I recently returned from a fantastic three-week trip to Panama, where we photographed critically endangered sea turtles like the Leatherback and Hawksbill as well as lots of other wildlife.  We were there during the rainy season, so overcast skies and daily showers were not uncommon, although showers occurred more frequently at night.  The potential impact of rain showers and humidity on equipment has always been a concern of mine when working in the tropics, even going back to my Nikon F3 days, when the biggest problem was condensation within lenses. There were times when it would take 2 – 3 hours for my 400mm f2.8 or 17-35mm lenses to “clear up” in the morning when camping in the Osa Peninsula of Costa Rica. But in general, everything always kept working. Wow, how things have changed in the digital era!

A critically endangered Hawksbill Sea Turtle (Eretmochelys imbricata imbrica) returning to the sea after nesting on the beach. (Bocas del Toro, Panama) ©2012 Rich Wagner | WildNaturePhotos


Near the end of our trip to Panama, while shooting hatchling Hawksbill sea turtles that were crawling quickly down the beach and out to sea, I was unexpectedly struck by a large wave. (The surf was huge at times – there were some world-class surfers there for a few days of filming.)  I shielded the camera with my body, and not a drop of water hit the front lens element.  Part of the splash did hit the camera body and lens as well as the SB-900 flash that was attached to the camera (used for shooting the hatchlings in the shade of trees near the nest site).  I dried/shook off the water on the camera and kept shooting for another 20 minutes, until the D800E camera body went berserk.  It started firing rapidly without touching the shutter release, and continued even after the camera was turned off.  I quickly pulled the batteries to stop the shutter from firing and then continued to shoot with a backup D7000.  The camera was wiped down with damp (freshwater) towels to remove any salt residue and then dried and packed away for return to NPS.
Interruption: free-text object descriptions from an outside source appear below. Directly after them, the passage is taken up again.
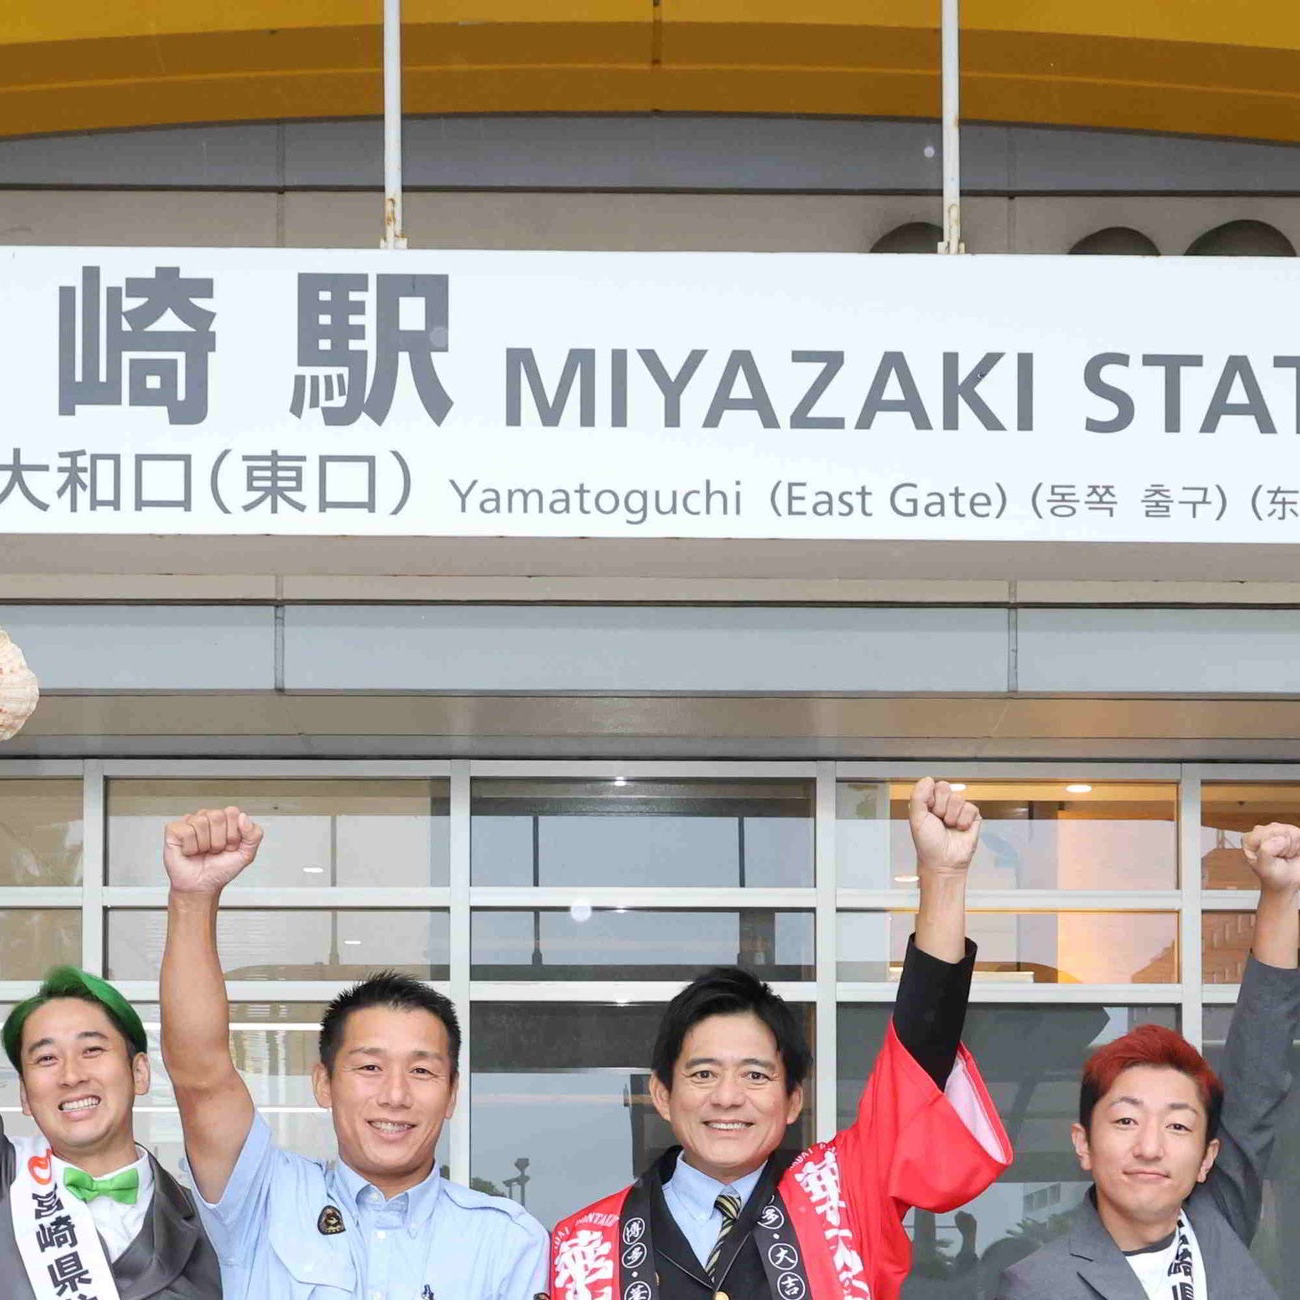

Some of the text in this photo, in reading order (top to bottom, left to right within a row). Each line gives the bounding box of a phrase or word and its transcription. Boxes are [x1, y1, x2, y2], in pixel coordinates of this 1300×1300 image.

[505, 347, 1034, 432] MIYAZAKI
[448, 478, 741, 526] Yamatoguchi
[770, 479, 873, 517] (East
[889, 482, 1008, 520] Gate)
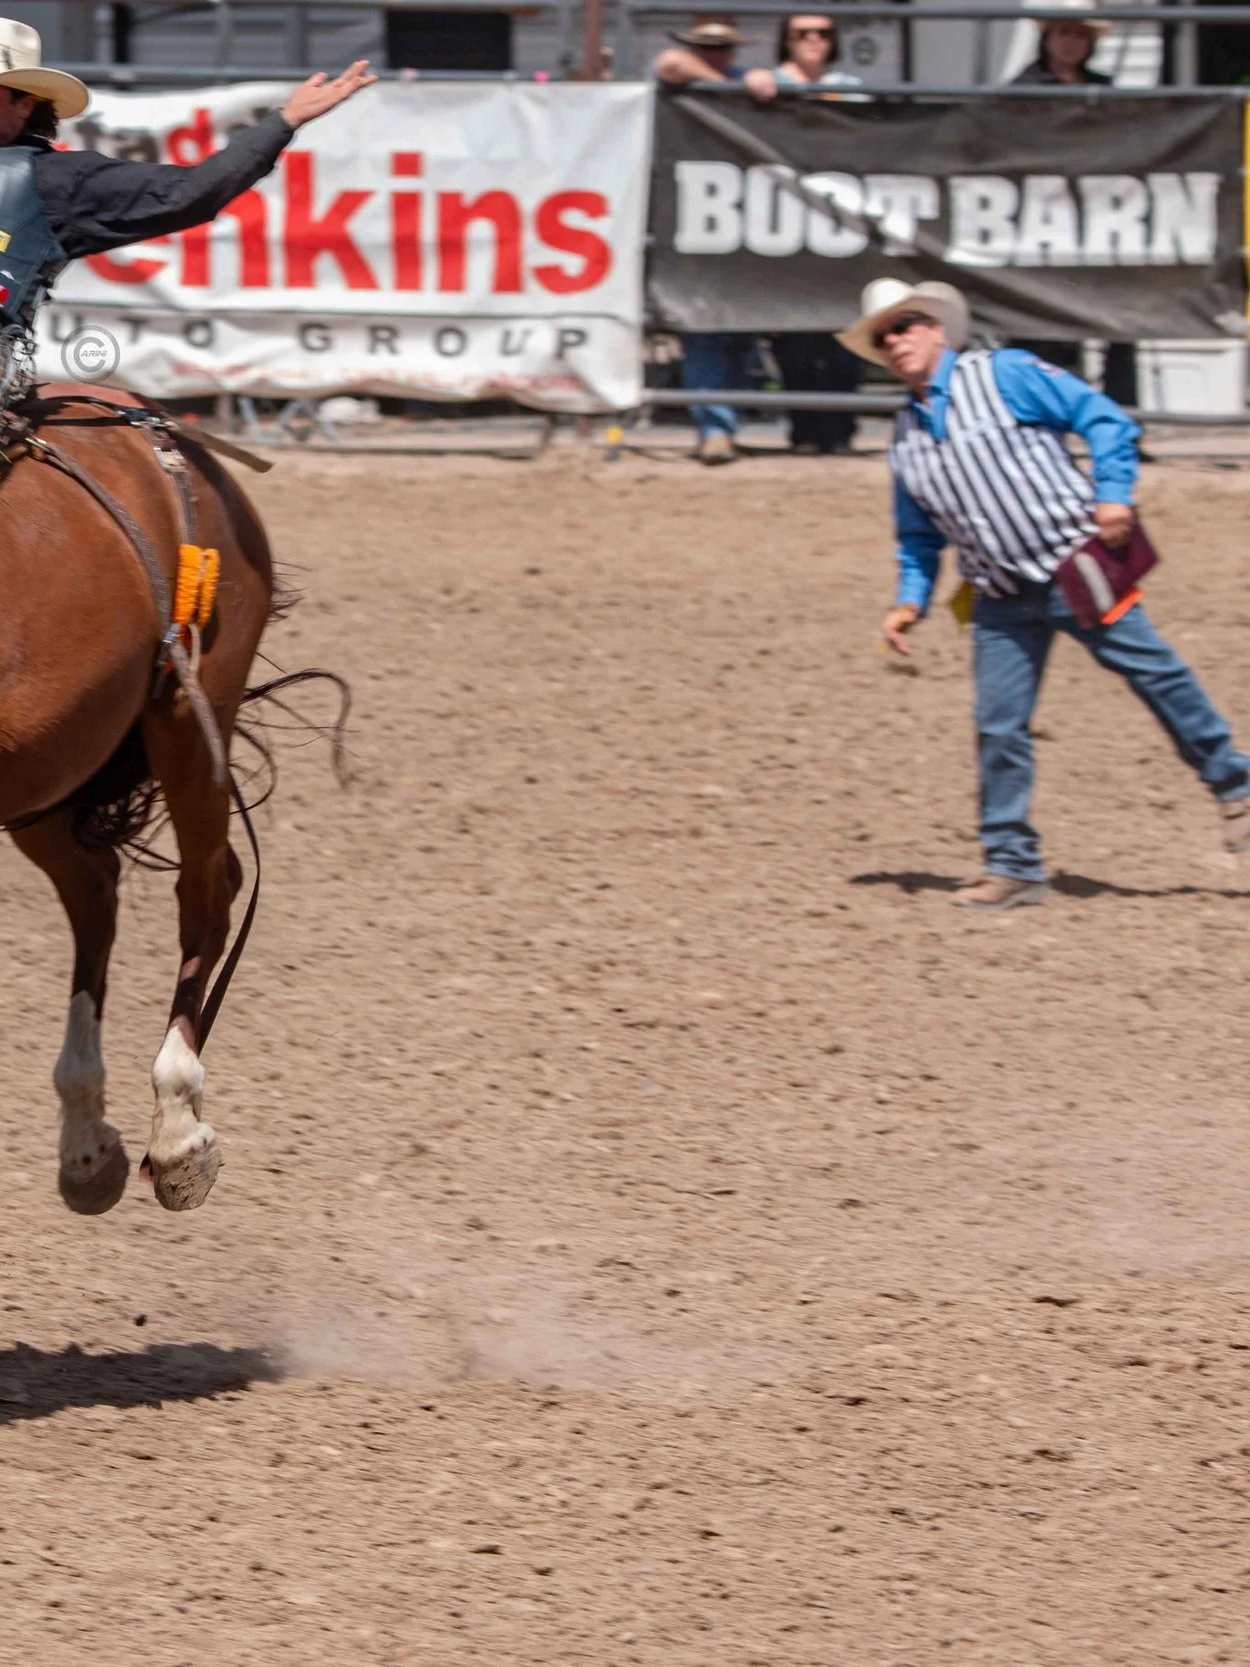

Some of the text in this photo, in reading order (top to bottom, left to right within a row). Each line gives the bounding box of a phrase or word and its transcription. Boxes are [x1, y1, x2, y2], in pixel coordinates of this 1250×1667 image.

[53, 143, 614, 295] nkins
[674, 161, 1222, 267] BOOT BARN
[51, 313, 588, 361] UTO GROUP
Here’s what the “event” looked like.  By chance, Margie had stopped shooting turtle hatchlings for a moment and captured “The Wave.”

  (Click to enlarge, back-arrow to return.)
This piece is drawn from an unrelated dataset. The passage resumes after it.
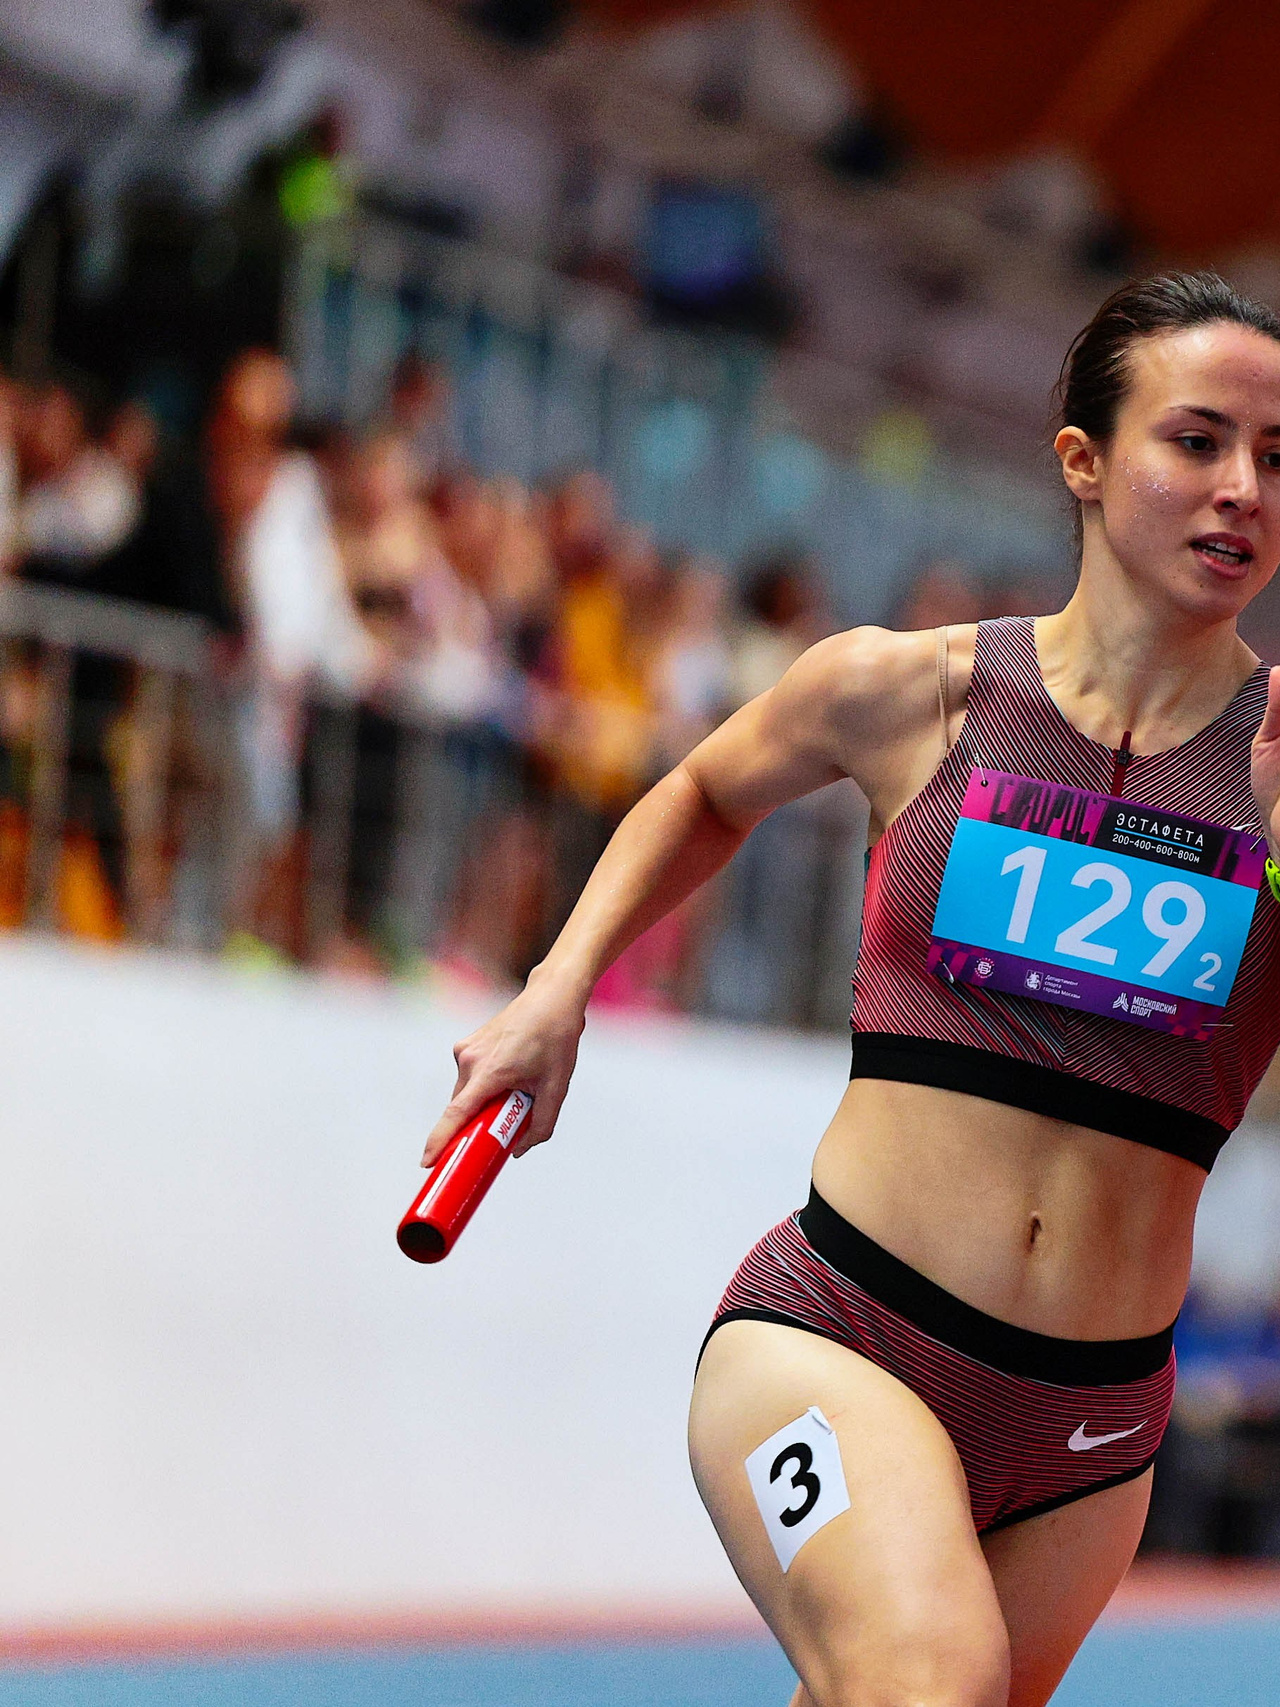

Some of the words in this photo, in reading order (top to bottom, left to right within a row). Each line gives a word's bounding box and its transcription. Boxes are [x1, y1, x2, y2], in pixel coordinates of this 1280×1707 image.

After returning to the States, the camera was immediately shipped back to Nikon for anticipated cleaning and repair.  One week later, the news:

“Service  Repair Rank B2



Wow, a $3,300 camera, several weeks old, transformed into a brick?  It looks fine!!! Apparently, the insides do not. An insurance claim was filed and the replacement D800E just arrived, thanks to NPS. Anyone looking for a slightly used but non-functional D800E, cheap??

This is certainly concerning, because although I have multiple camera/lens rain covers, not infrequently I get caught in a sudden, unanticipated downpour. Salt water is tough on equipment, but this seemed like a minimal exposure.  In the previous week, the same camera with a 200mm Micro lens was nearly drenched by a sudden downpour while we photographed mating Red-eyed Tree Frogs.  The sudden, unexpected downpour terminated the shoot. Fortunately, the camera and lens did not suffer any damage at that time, although everything did get wet.
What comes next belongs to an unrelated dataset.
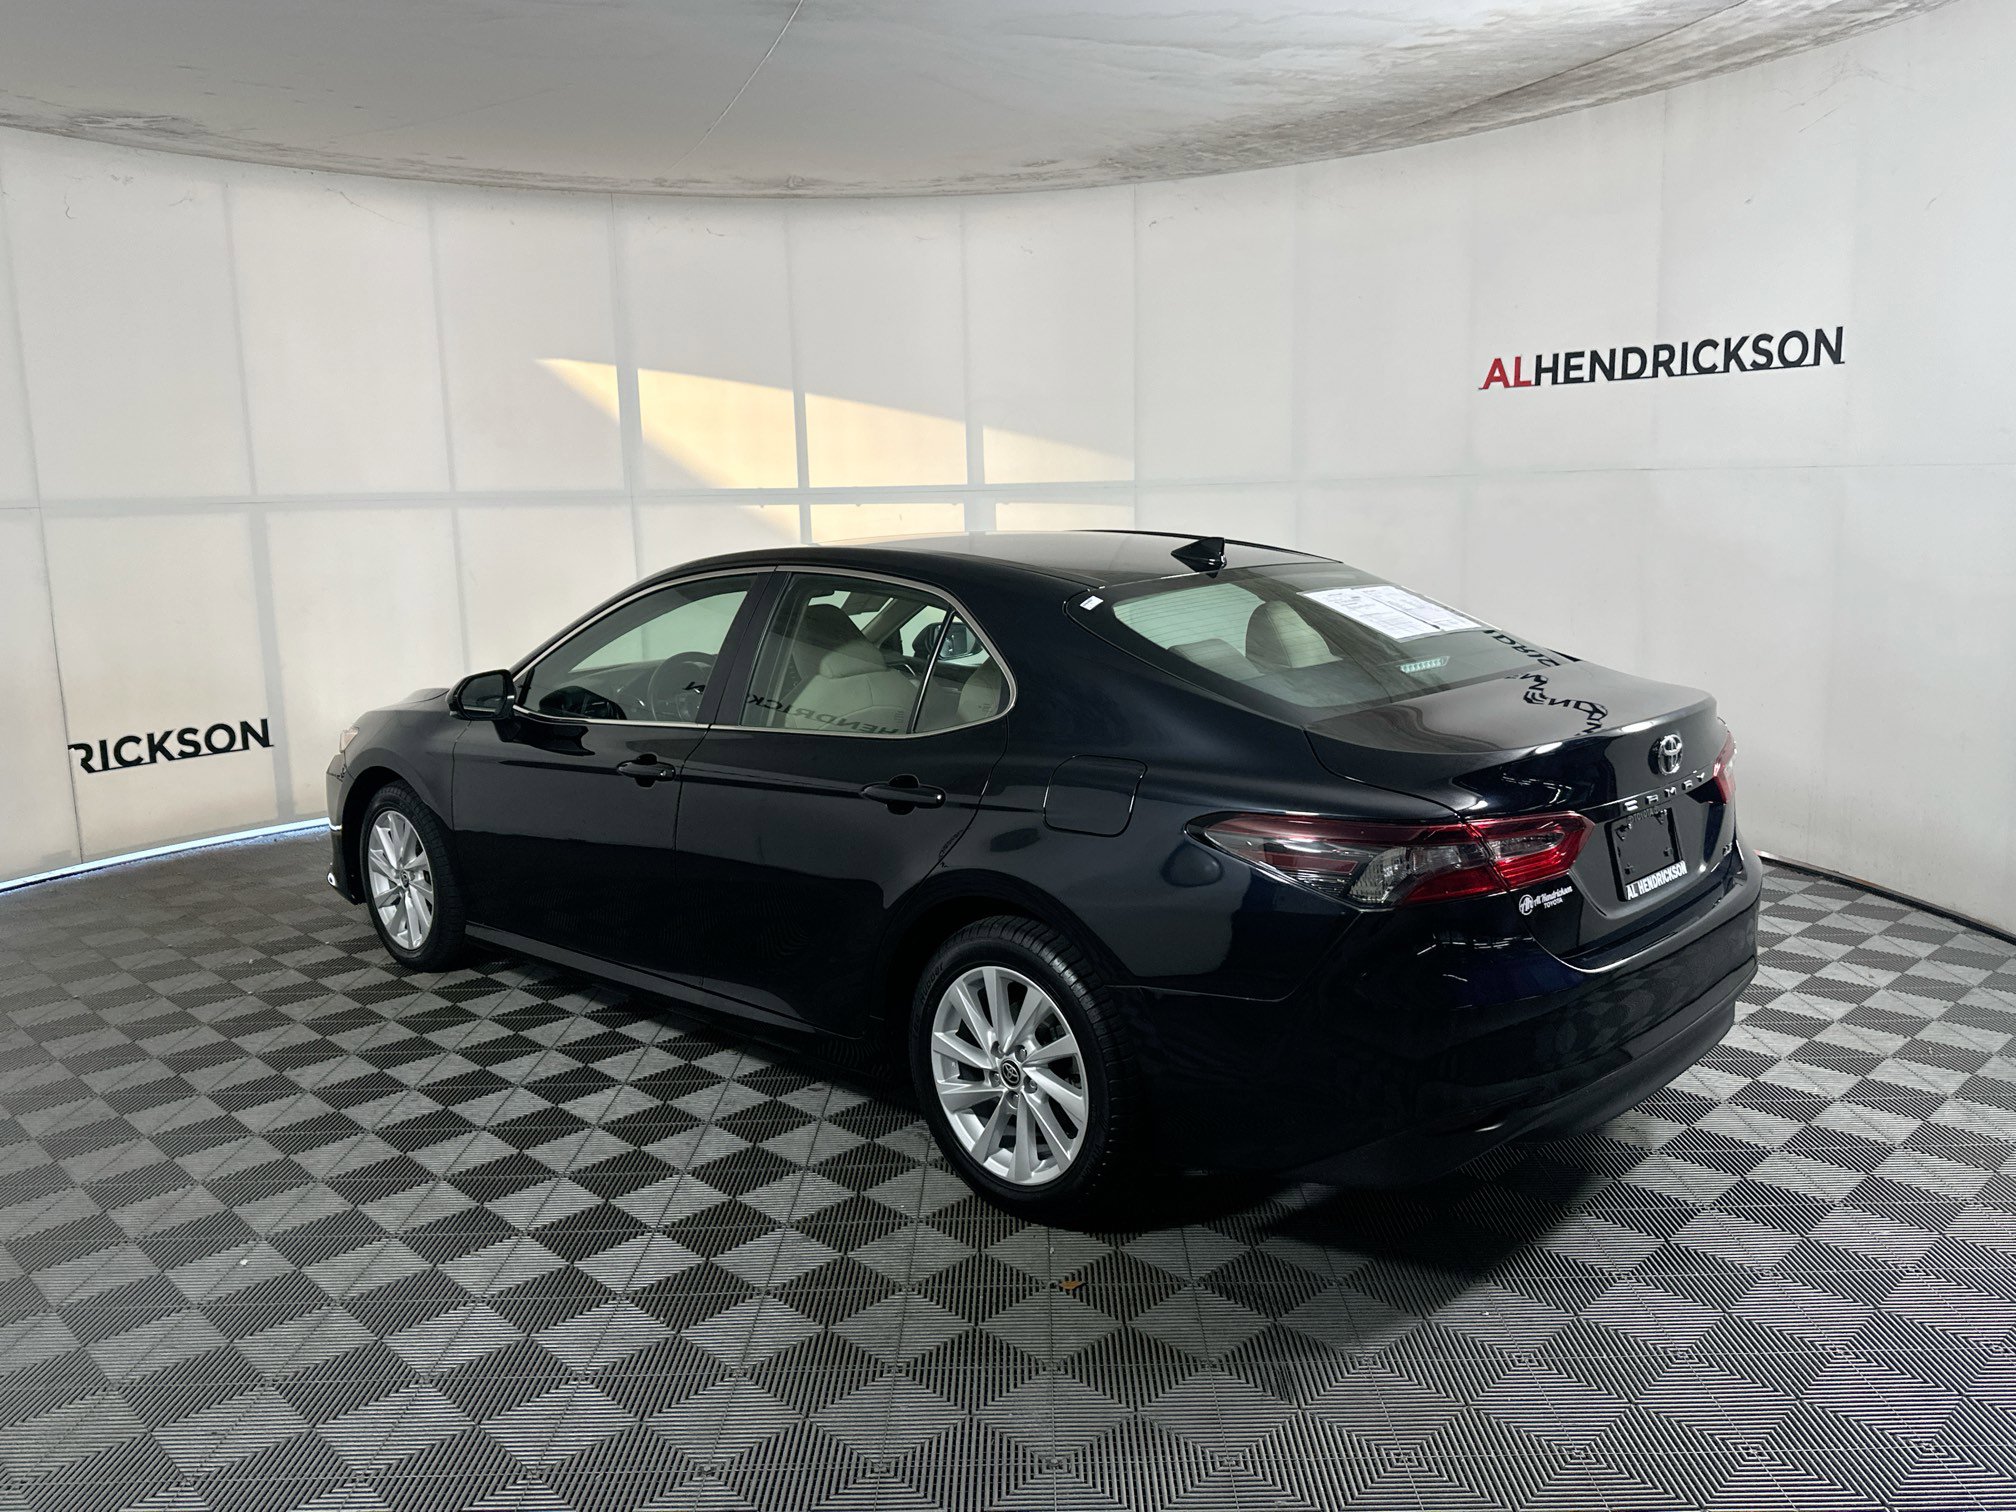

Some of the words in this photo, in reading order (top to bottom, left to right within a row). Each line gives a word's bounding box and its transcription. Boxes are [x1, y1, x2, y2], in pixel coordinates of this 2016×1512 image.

[1626, 882, 1639, 900] AL
[1637, 860, 1688, 895] HENDRICKSON
[1544, 897, 1563, 909] TOYOTA
Red-eyed Tree Frogs (Agalychnis callidryas) ©2012 Rich Wagner | WildNaturePhotos

A mating pair of Red-eyed Tree Frogs (Agalychnis callidryas) in amplexus and laying eggs. The “bubble” is sperm from the male. (Bocas del Toro, Panama) ©2012 Rich Wagner | WildNaturePhotos


My impression is that the older “pro” Nikon camera bodies were better protected from the elements. Although the D800E is placed in the “advanced amateur” category by Nikon, a more weatherproof “pro” camera body that provides a comparable image does not yet exist. Therefore, be forewarned – the D800 is not weather-proof, and it is certainly not water-resistant. I do hope that Nikon will improve the weatherproofing of high-end cameras with future models. Even so, the D800E is a great camera, and I’m glad to have a replacement so quickly.